To do → The answer should reproduce every entry exactly and contain no images.

Source material →
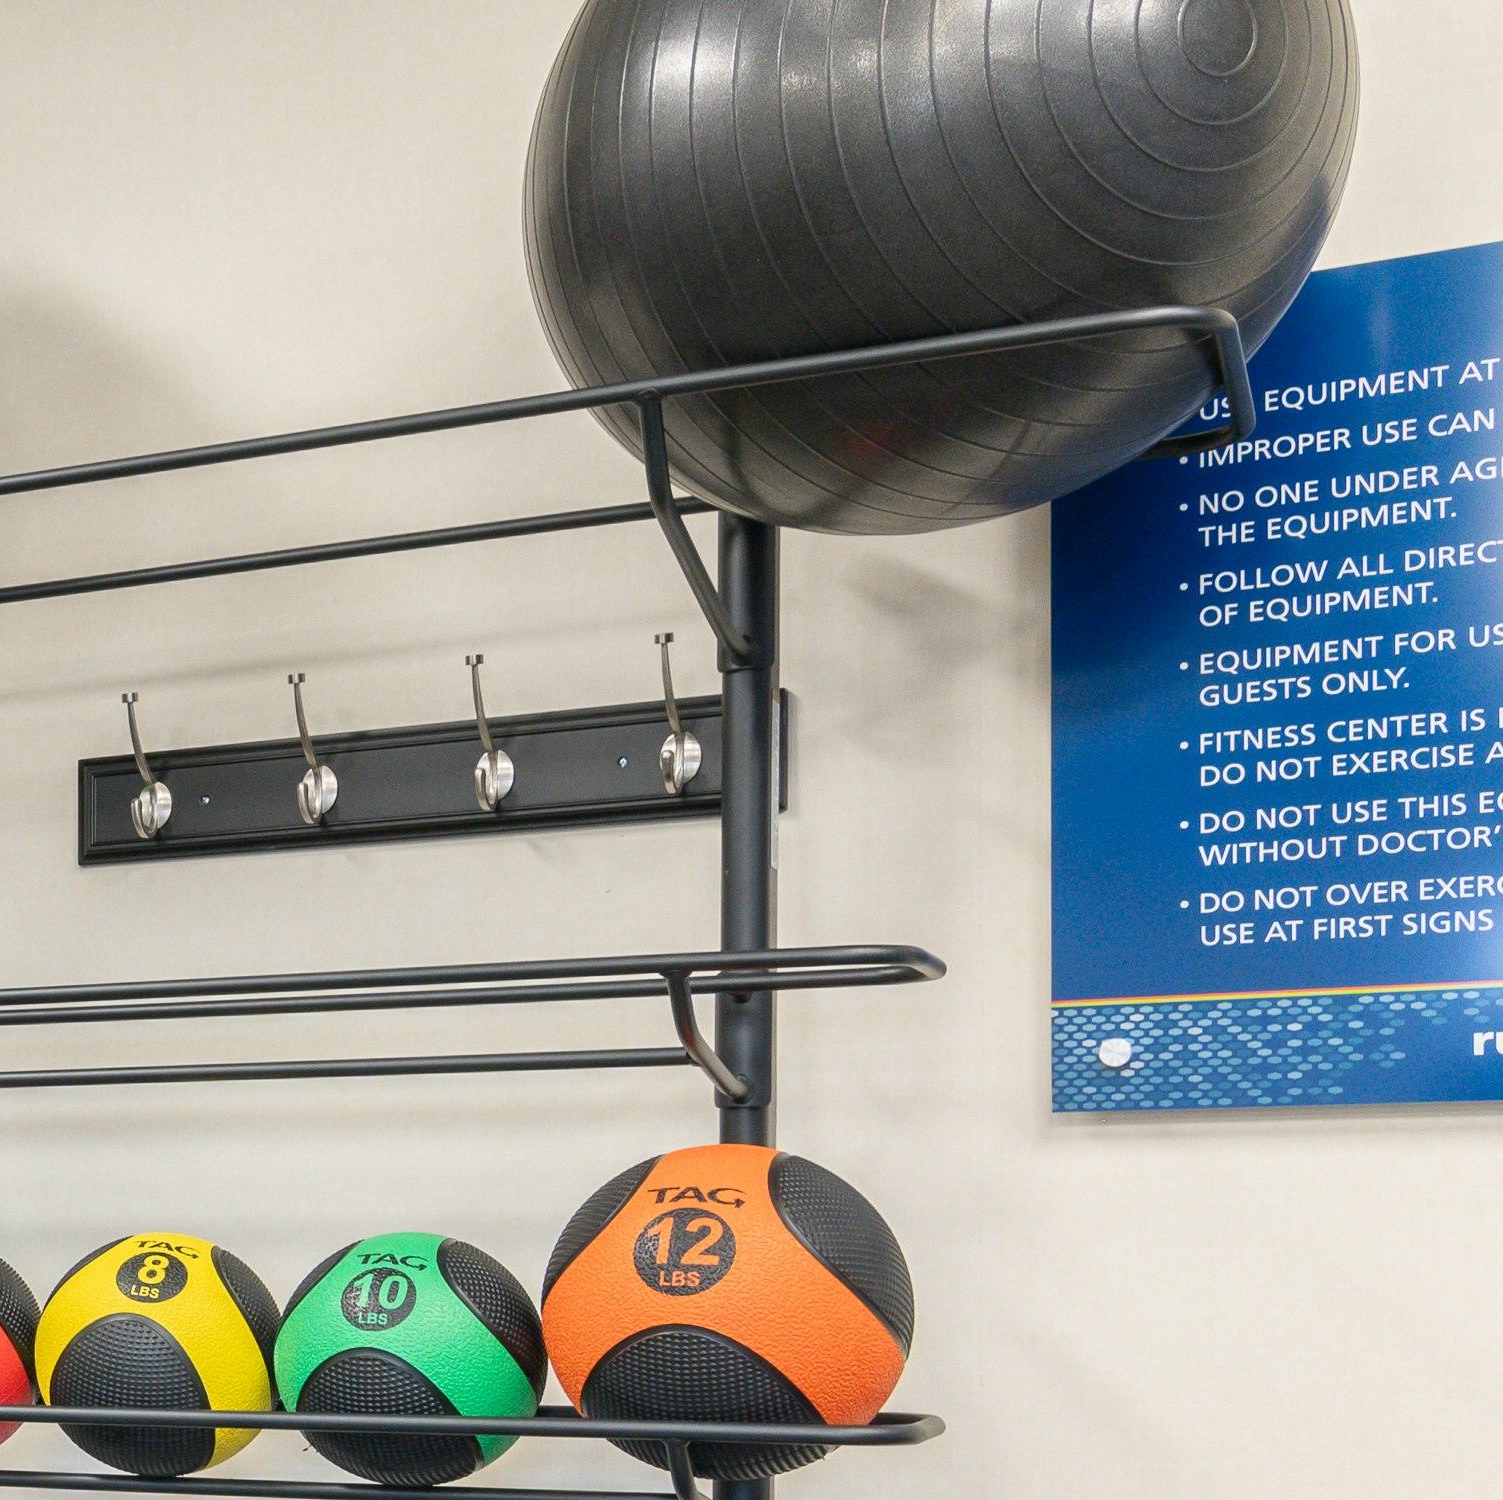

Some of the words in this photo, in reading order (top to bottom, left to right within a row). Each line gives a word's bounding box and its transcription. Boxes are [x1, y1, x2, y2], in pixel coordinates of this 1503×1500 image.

[1264, 364, 1450, 412] EQUIPMENT
[1458, 357, 1502, 385] AT
[1200, 428, 1351, 468] IMPROPER
[1362, 418, 1417, 446] USE
[1428, 407, 1495, 437] CAN
[1200, 490, 1244, 515] NO
[1255, 480, 1319, 508] ONE
[1331, 465, 1440, 498] UNDER
[1449, 456, 1503, 484] AG
[1198, 521, 1255, 547] THE
[1267, 496, 1457, 540] EQUIPMENT.
[1199, 560, 1328, 595] FOLLOW
[1336, 553, 1394, 579] ALL
[1199, 603, 1238, 627] OF
[1249, 581, 1438, 622] EQUIPMENT.
[1200, 635, 1384, 675] EQUIPMENT
[1394, 628, 1457, 655] FOR
[1199, 676, 1312, 707] GUESTS
[1322, 666, 1410, 695] ONLY.
[1199, 723, 1316, 754] FITNESS
[1327, 712, 1448, 743] CENTER
[1461, 708, 1486, 732] IS
[1200, 763, 1246, 787] DO
[1256, 756, 1322, 782] NOT
[1332, 743, 1474, 776] EXERCISE
[1200, 810, 1245, 834] DO
[1256, 804, 1322, 830] NOT
[1332, 799, 1388, 824] USE
[1397, 793, 1467, 819] THIS
[1198, 835, 1348, 867] WITHOUT
[1200, 890, 1245, 914] DO
[1254, 885, 1319, 911] NOT
[1325, 880, 1409, 906] OVER
[1200, 922, 1254, 946] USE
[1264, 919, 1304, 943] AT
[1313, 914, 1394, 940] FIRST
[1402, 908, 1495, 936] SIGNS
[646, 1186, 747, 1208] TAG
[357, 1252, 430, 1271] TAG
[646, 1216, 724, 1266] 12
[137, 1254, 170, 1285] 8
[659, 1270, 701, 1287] LBS
[130, 1284, 160, 1299] LBS
[353, 1273, 408, 1310] 10
[357, 1311, 388, 1325] LBS
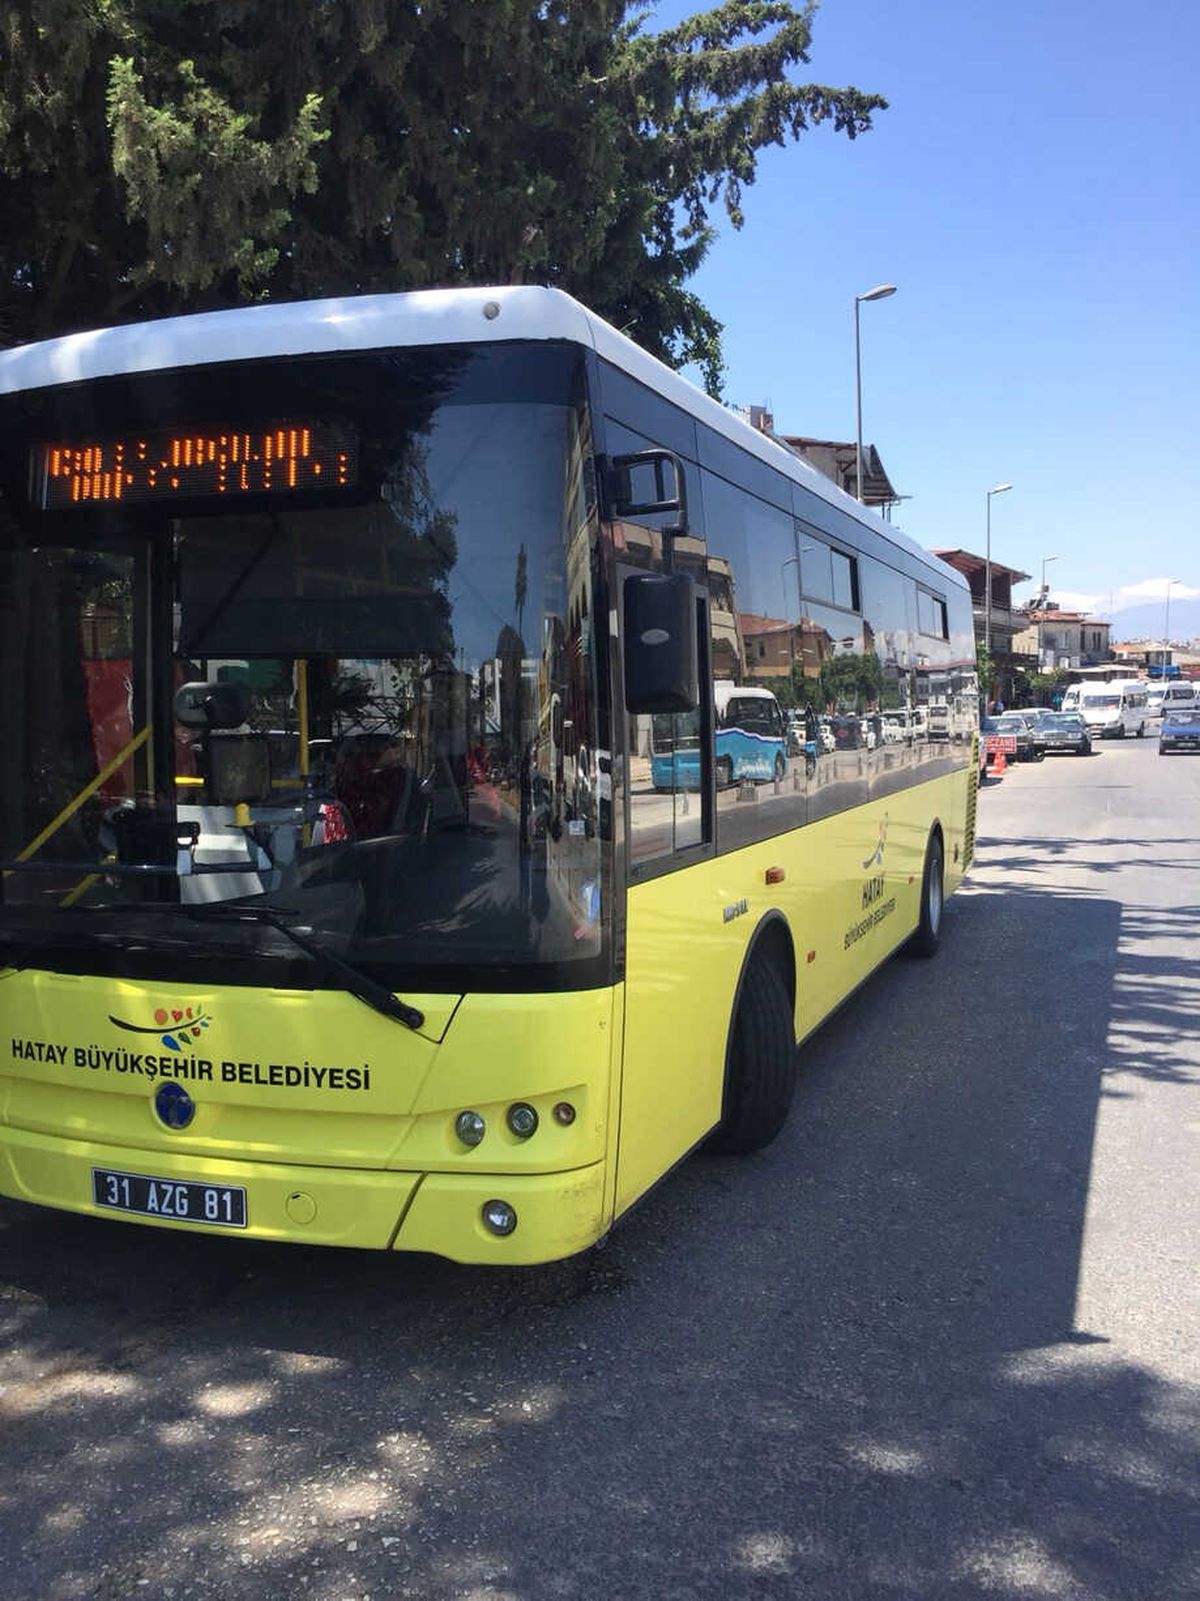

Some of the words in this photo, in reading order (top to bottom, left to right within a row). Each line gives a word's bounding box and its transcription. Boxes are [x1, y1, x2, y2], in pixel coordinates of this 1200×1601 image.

[11, 1038, 68, 1066] HATAY
[74, 1047, 213, 1081] BÜYÜKŞEHİR
[221, 1062, 371, 1091] BELEDİYESİ
[106, 1175, 130, 1207] 31
[147, 1183, 189, 1216] AZG
[204, 1189, 233, 1222] 81
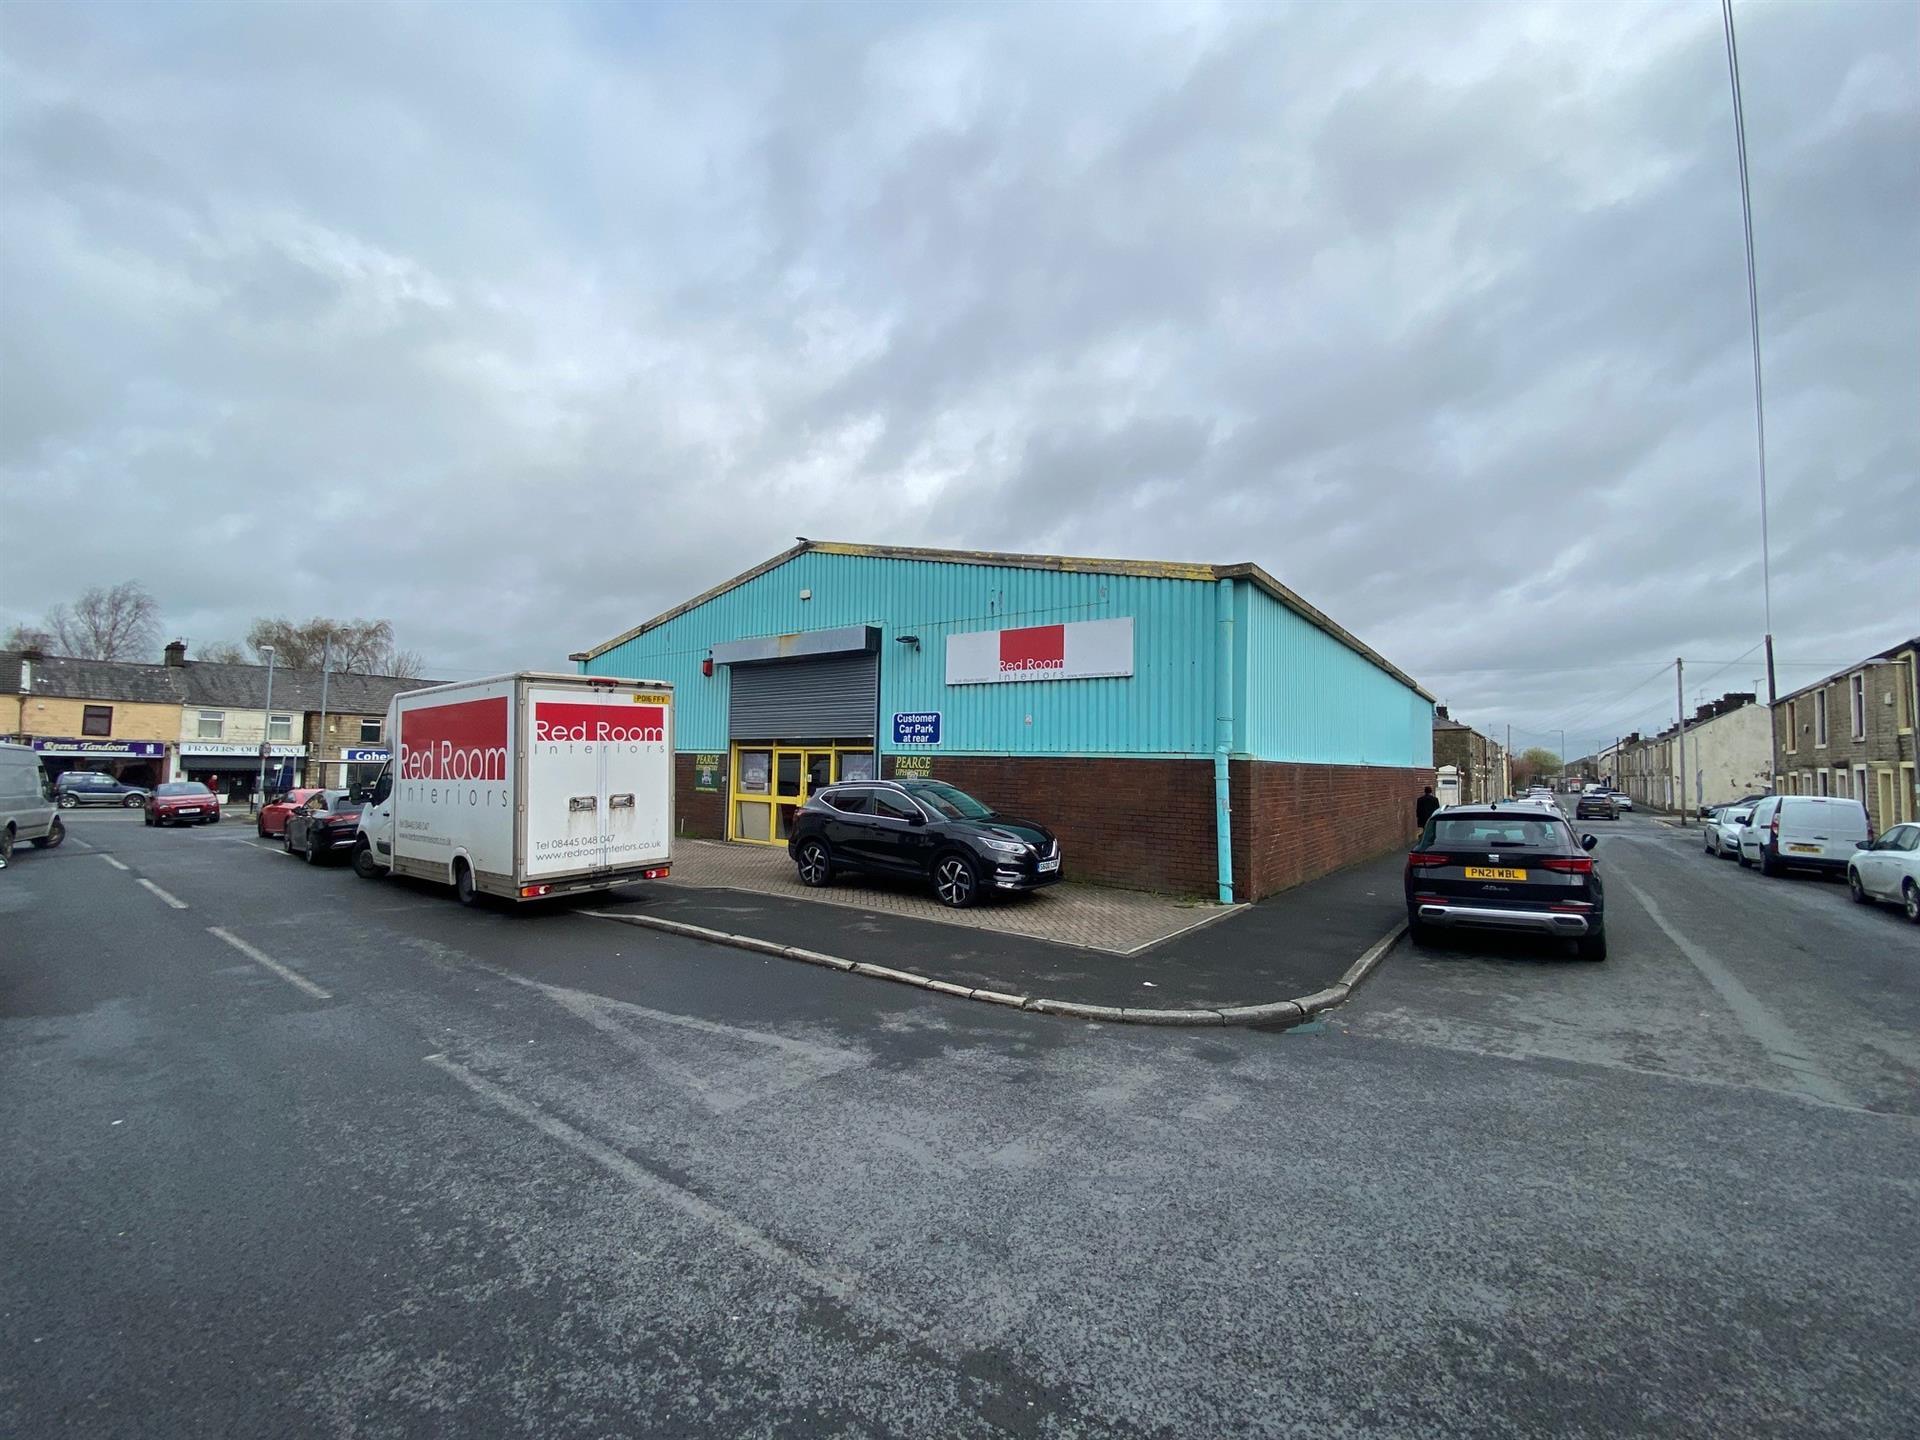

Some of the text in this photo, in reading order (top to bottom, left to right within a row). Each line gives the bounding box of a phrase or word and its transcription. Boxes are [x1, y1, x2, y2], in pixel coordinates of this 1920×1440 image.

[1000, 658, 1064, 672] Red Room
[897, 714, 937, 723] Customer
[536, 720, 664, 741] Red Room
[899, 724, 934, 733] Car Park
[903, 734, 911, 742] at
[43, 741, 130, 752] Reena Tandoori
[534, 743, 665, 754] Interiors
[400, 740, 508, 780] Red Room
[696, 754, 720, 765] PEARCE
[896, 756, 931, 768] PEARCE
[399, 783, 508, 807] Interiors
[536, 834, 615, 850] Tel 08445 048 047
[536, 840, 662, 861] www.redroominteriors.co.uk
[1471, 868, 1519, 879] PN21 WBL

Expected answer →
Some of the words in this photo, in reading order (top to bottom, left to right within a row). Each line gives a word's bounding box and its transcription. Boxes are [x1, y1, x2, y2], in pixel coordinates of this 1503×1500 image.

[1264, 364, 1450, 412] EQUIPMENT
[1458, 357, 1502, 385] AT
[1200, 428, 1351, 468] IMPROPER
[1362, 418, 1417, 446] USE
[1428, 407, 1495, 437] CAN
[1200, 490, 1244, 515] NO
[1255, 480, 1319, 508] ONE
[1331, 465, 1440, 498] UNDER
[1449, 456, 1503, 484] AG
[1198, 521, 1255, 547] THE
[1267, 496, 1457, 540] EQUIPMENT.
[1199, 560, 1328, 595] FOLLOW
[1336, 553, 1394, 579] ALL
[1199, 603, 1238, 627] OF
[1249, 581, 1438, 622] EQUIPMENT.
[1200, 635, 1384, 675] EQUIPMENT
[1394, 628, 1457, 655] FOR
[1199, 676, 1312, 707] GUESTS
[1322, 666, 1410, 695] ONLY.
[1199, 723, 1316, 754] FITNESS
[1327, 712, 1448, 743] CENTER
[1461, 708, 1486, 732] IS
[1200, 763, 1246, 787] DO
[1256, 756, 1322, 782] NOT
[1332, 743, 1474, 776] EXERCISE
[1200, 810, 1245, 834] DO
[1256, 804, 1322, 830] NOT
[1332, 799, 1388, 824] USE
[1397, 793, 1467, 819] THIS
[1198, 835, 1348, 867] WITHOUT
[1200, 890, 1245, 914] DO
[1254, 885, 1319, 911] NOT
[1325, 880, 1409, 906] OVER
[1200, 922, 1254, 946] USE
[1264, 919, 1304, 943] AT
[1313, 914, 1394, 940] FIRST
[1402, 908, 1495, 936] SIGNS
[646, 1186, 747, 1208] TAG
[357, 1252, 430, 1271] TAG
[646, 1216, 724, 1266] 12
[137, 1254, 170, 1285] 8
[659, 1270, 701, 1287] LBS
[130, 1284, 160, 1299] LBS
[353, 1273, 408, 1310] 10
[357, 1311, 388, 1325] LBS

Some of the words in this photo, in reading order (top to bottom, left to right within a row). Each line gives a word's bounding box and its transcription. Boxes are [x1, y1, x2, y2], in pixel coordinates of this 1200×1601 image.

[11, 1038, 68, 1066] HATAY
[74, 1047, 213, 1081] BÜYÜKŞEHİR
[221, 1062, 371, 1091] BELEDİYESİ
[106, 1175, 130, 1207] 31
[147, 1183, 189, 1216] AZG
[204, 1189, 233, 1222] 81

Some of the text in this photo, in reading order (top to bottom, left to right within a row). Each line gives the bounding box of a phrase or word and its transcription. Boxes are [x1, y1, x2, y2], in pixel coordinates of this 1920×1440 image.

[1000, 658, 1064, 672] Red Room
[897, 714, 937, 723] Customer
[536, 720, 664, 741] Red Room
[899, 724, 934, 733] Car Park
[903, 734, 911, 742] at
[43, 741, 130, 752] Reena Tandoori
[534, 743, 665, 754] Interiors
[400, 740, 508, 780] Red Room
[696, 754, 720, 765] PEARCE
[896, 756, 931, 768] PEARCE
[399, 783, 508, 807] Interiors
[536, 834, 615, 850] Tel 08445 048 047
[536, 840, 662, 861] www.redroominteriors.co.uk
[1471, 868, 1519, 879] PN21 WBL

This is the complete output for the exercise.